As I’ve told some people, one of the tricks I’ve manufactured to get myself through the relenting badness that is the news these days (besides reducing time on Twitter) is to imagine myself looking back at this time from a point far in the future when things are much better. I had this striking dream of myself as an old woman on this timeline, living in an adobe house in the desert, opening the door to some young kids who’d brought copies of Geek Feminist Revolution and who thought I was some kind of ancient seer. They had come to talk about the past, about the world I lived in that spawned that book, and all the books that came before and after it.

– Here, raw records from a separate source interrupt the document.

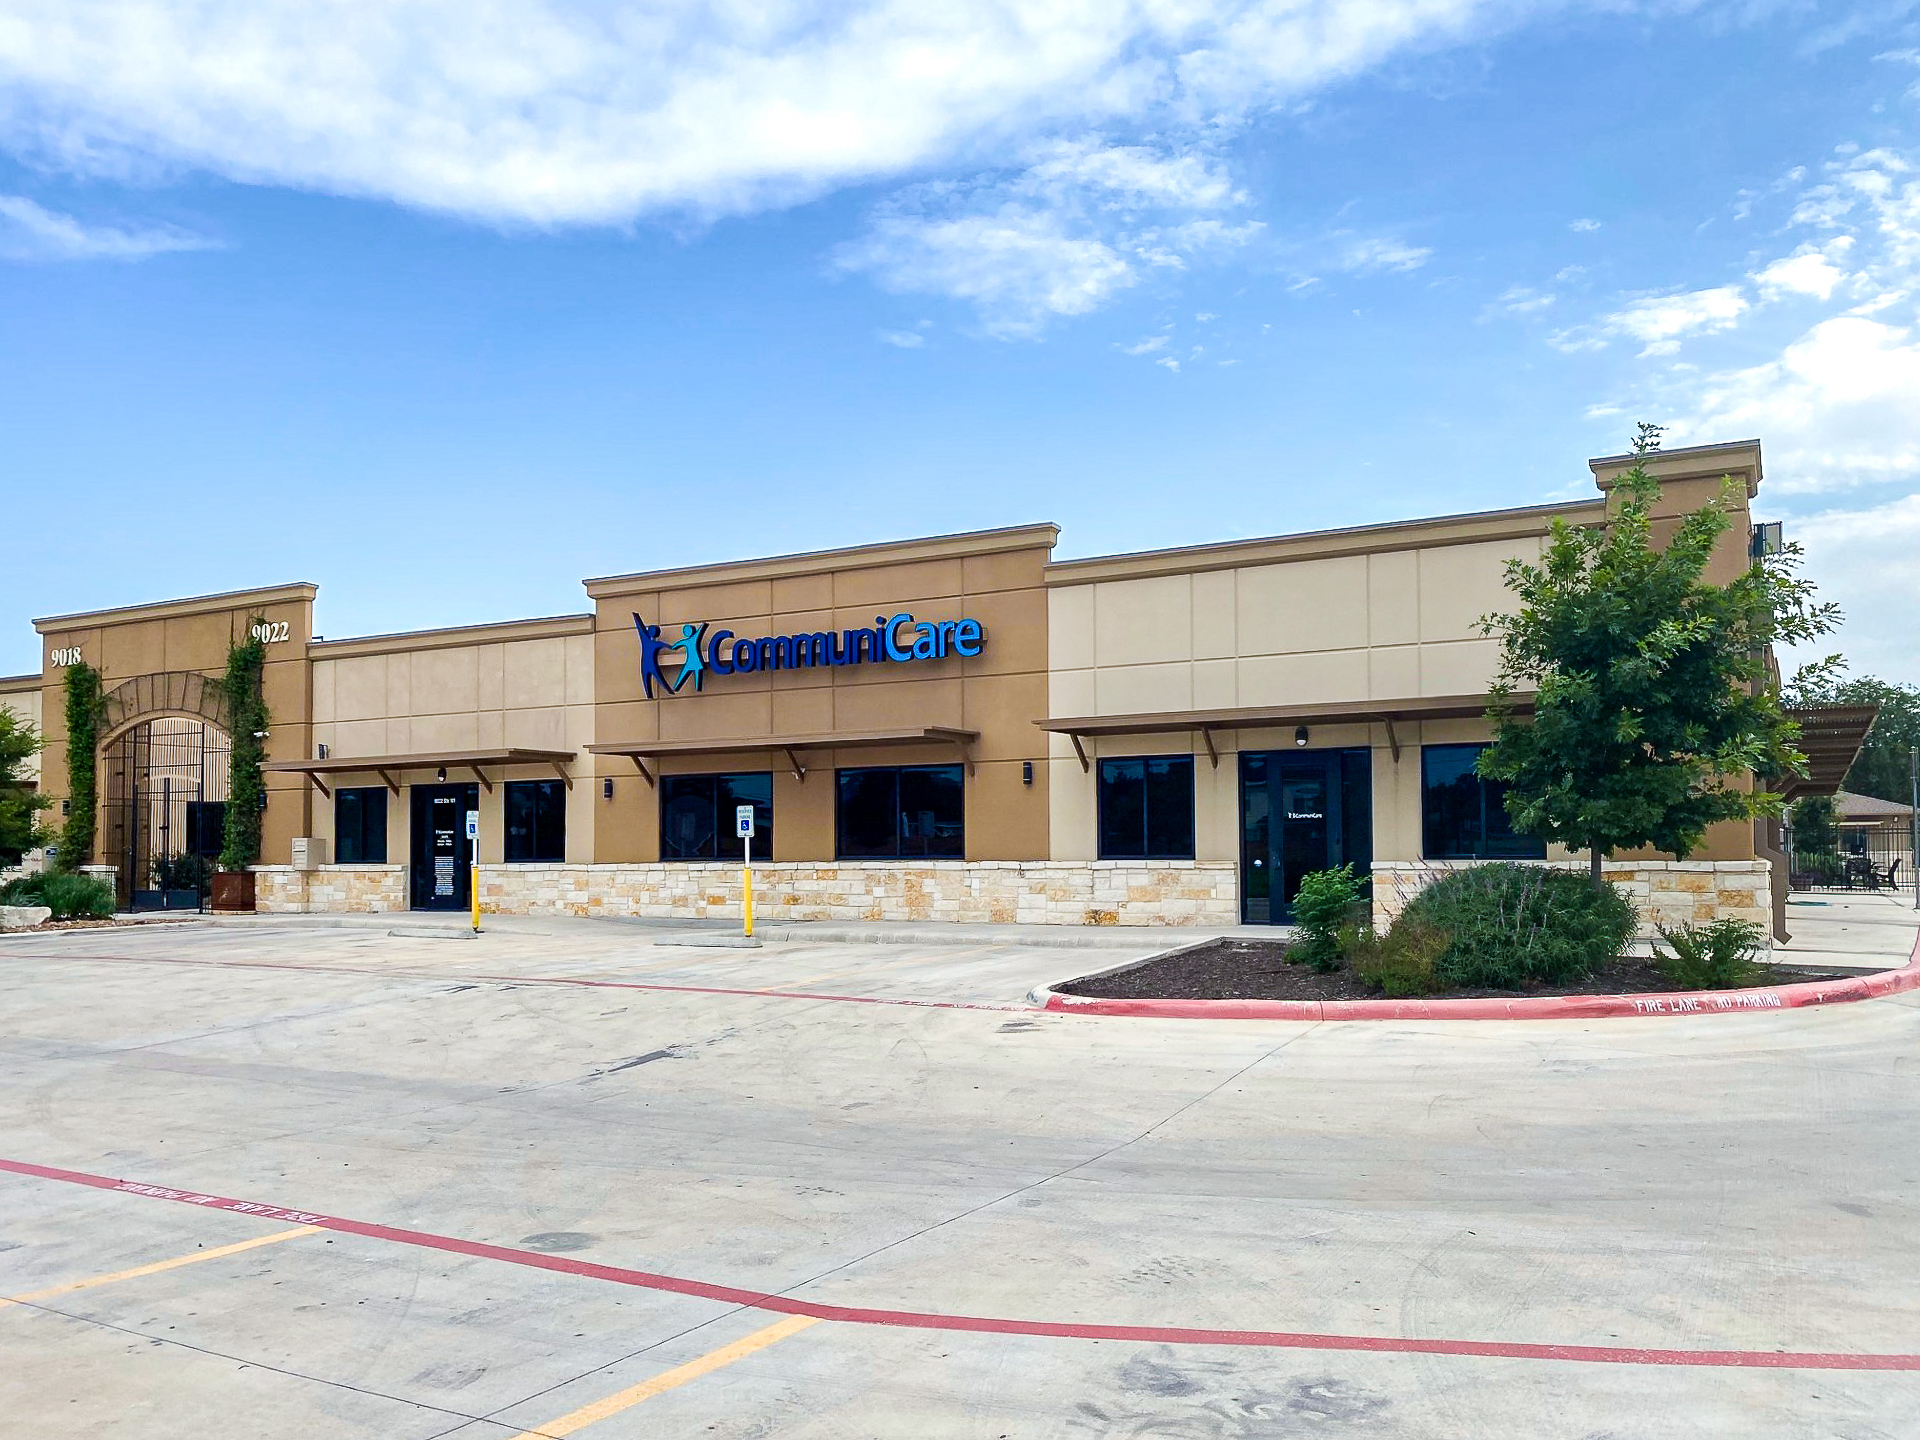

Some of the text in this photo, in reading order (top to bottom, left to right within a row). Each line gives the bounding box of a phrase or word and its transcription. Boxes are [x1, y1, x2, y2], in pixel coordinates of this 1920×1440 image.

[252, 621, 290, 644] 9022
[708, 613, 983, 675] CommuniCare
[51, 647, 82, 668] 9018
[1635, 993, 1781, 1013] FIRE LANE NO PARKING
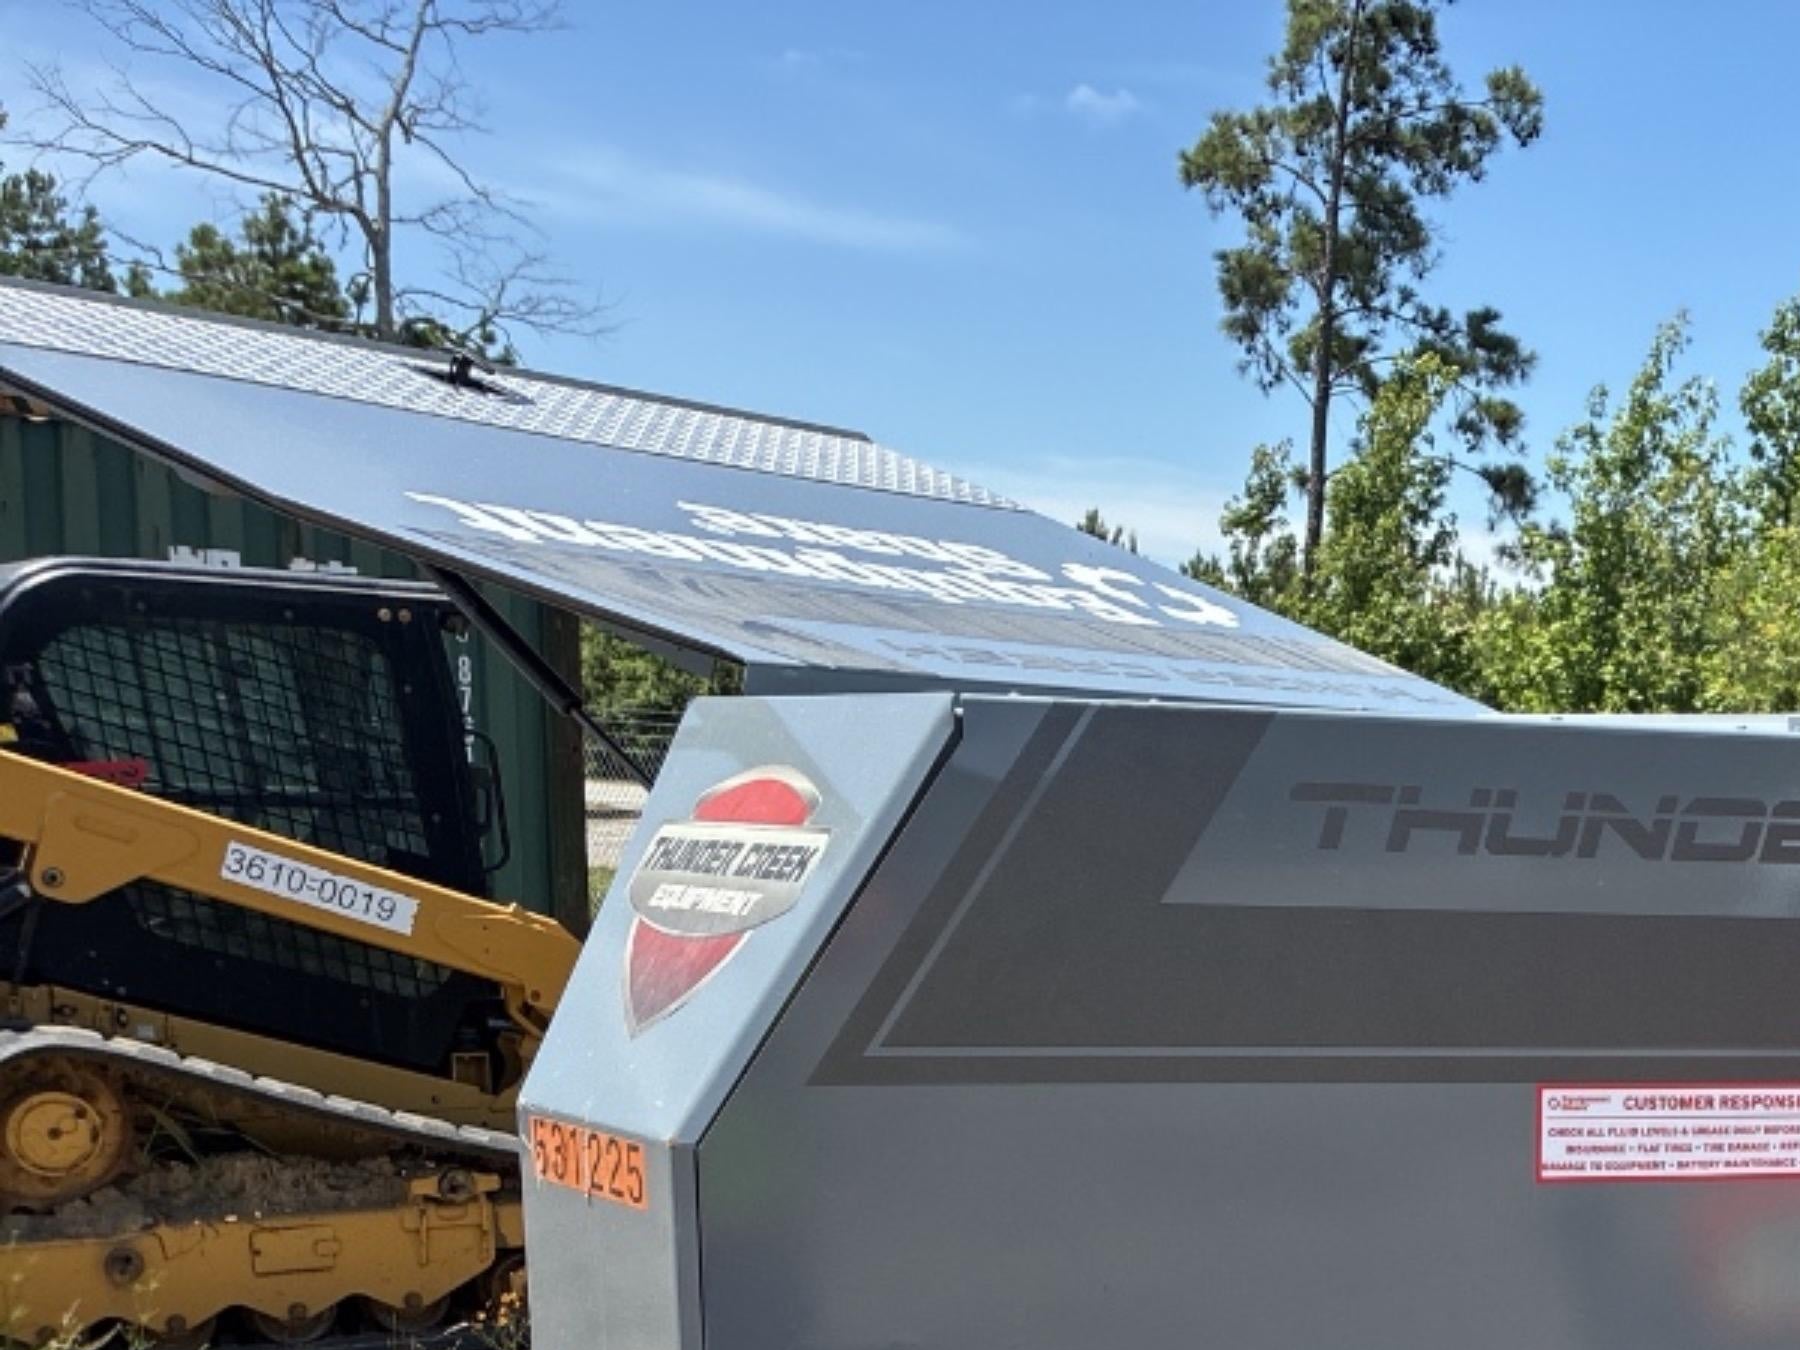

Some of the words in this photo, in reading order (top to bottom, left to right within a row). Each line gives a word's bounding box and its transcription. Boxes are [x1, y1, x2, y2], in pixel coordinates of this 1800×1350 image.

[644, 836, 746, 877] THUNDER
[732, 842, 820, 883] CREEK
[226, 848, 397, 922] 3610-0019
[648, 883, 765, 917] EQUIPMENT
[1622, 1095, 1714, 1111] CUSTOMER
[532, 1118, 644, 1204] 531225
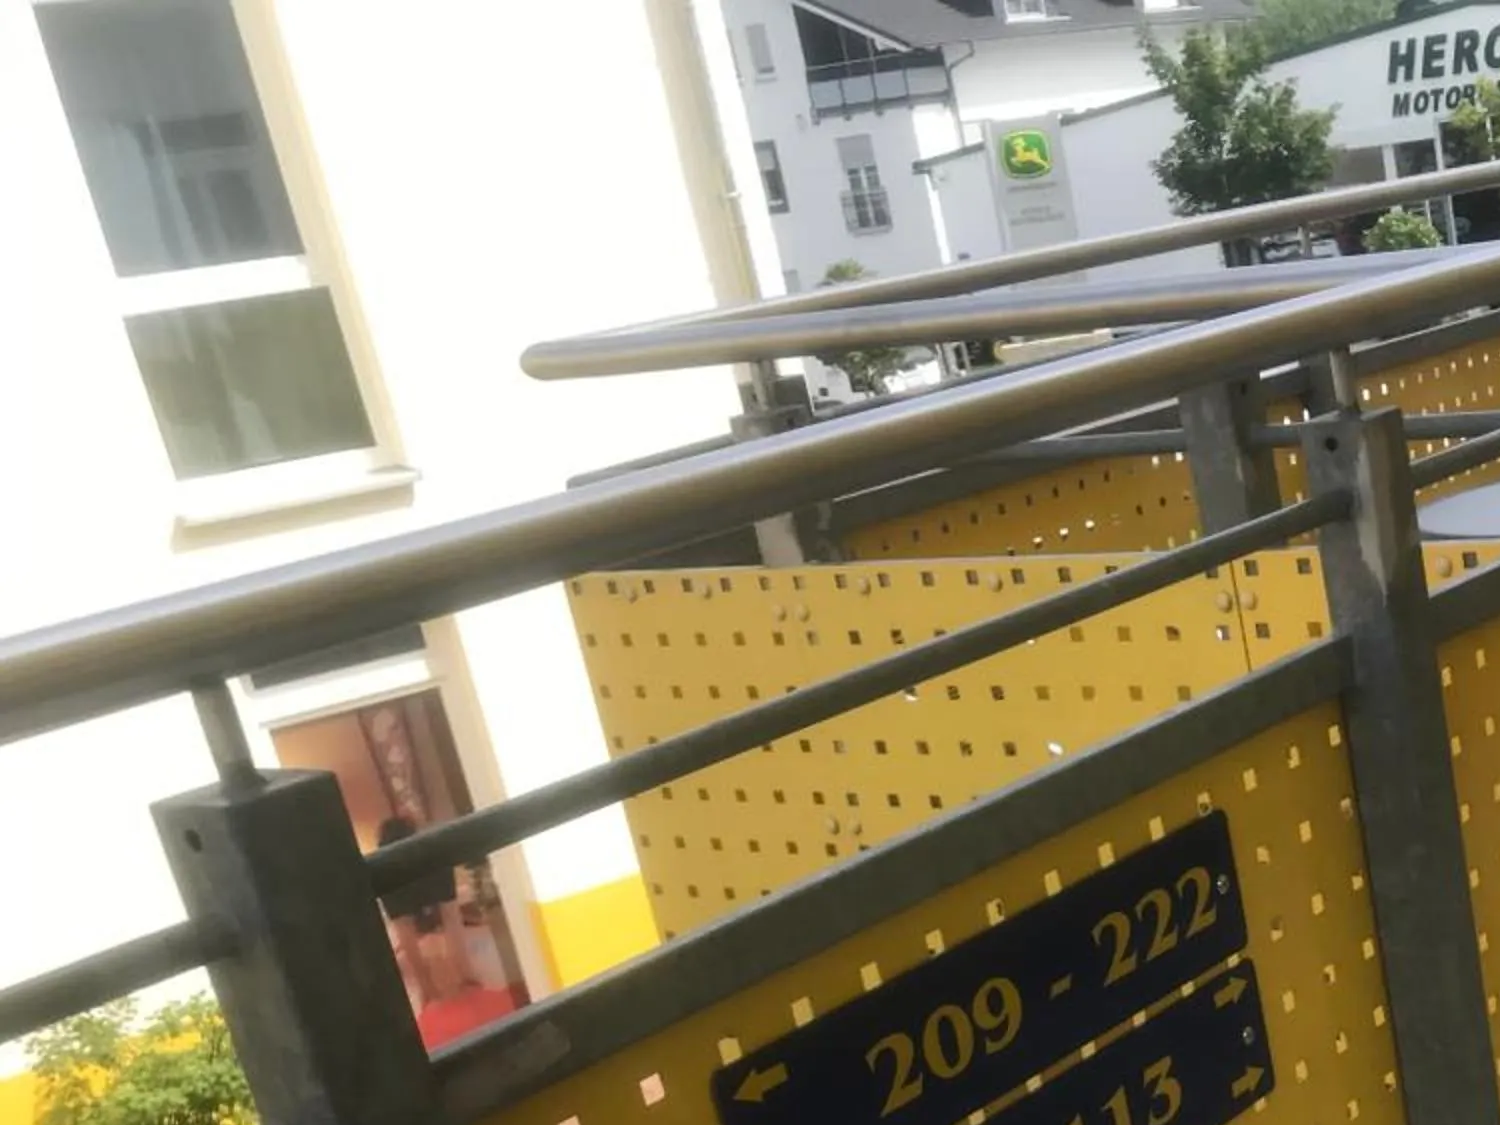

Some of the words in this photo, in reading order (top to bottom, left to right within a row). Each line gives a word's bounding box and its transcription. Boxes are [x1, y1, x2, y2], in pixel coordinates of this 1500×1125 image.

[865, 977, 1022, 1117] 209
[1049, 973, 1072, 999] -
[1091, 866, 1217, 988] 222

That sort of dream may not seem very powerful to you, but to me it was. With my shitty health the last few years and all the political turmoil, I was honestly worried about my chances of making it to old age. That dream gave me the vision of some other timeline, a vision I could use to plot my way forward through the coming years, which may be rough in order to get me to wonderful. We all need a story to see us through the darkest times. Do you need a story of that hopeful future? Write yours, too, and cling to it tightly. We’ll need them.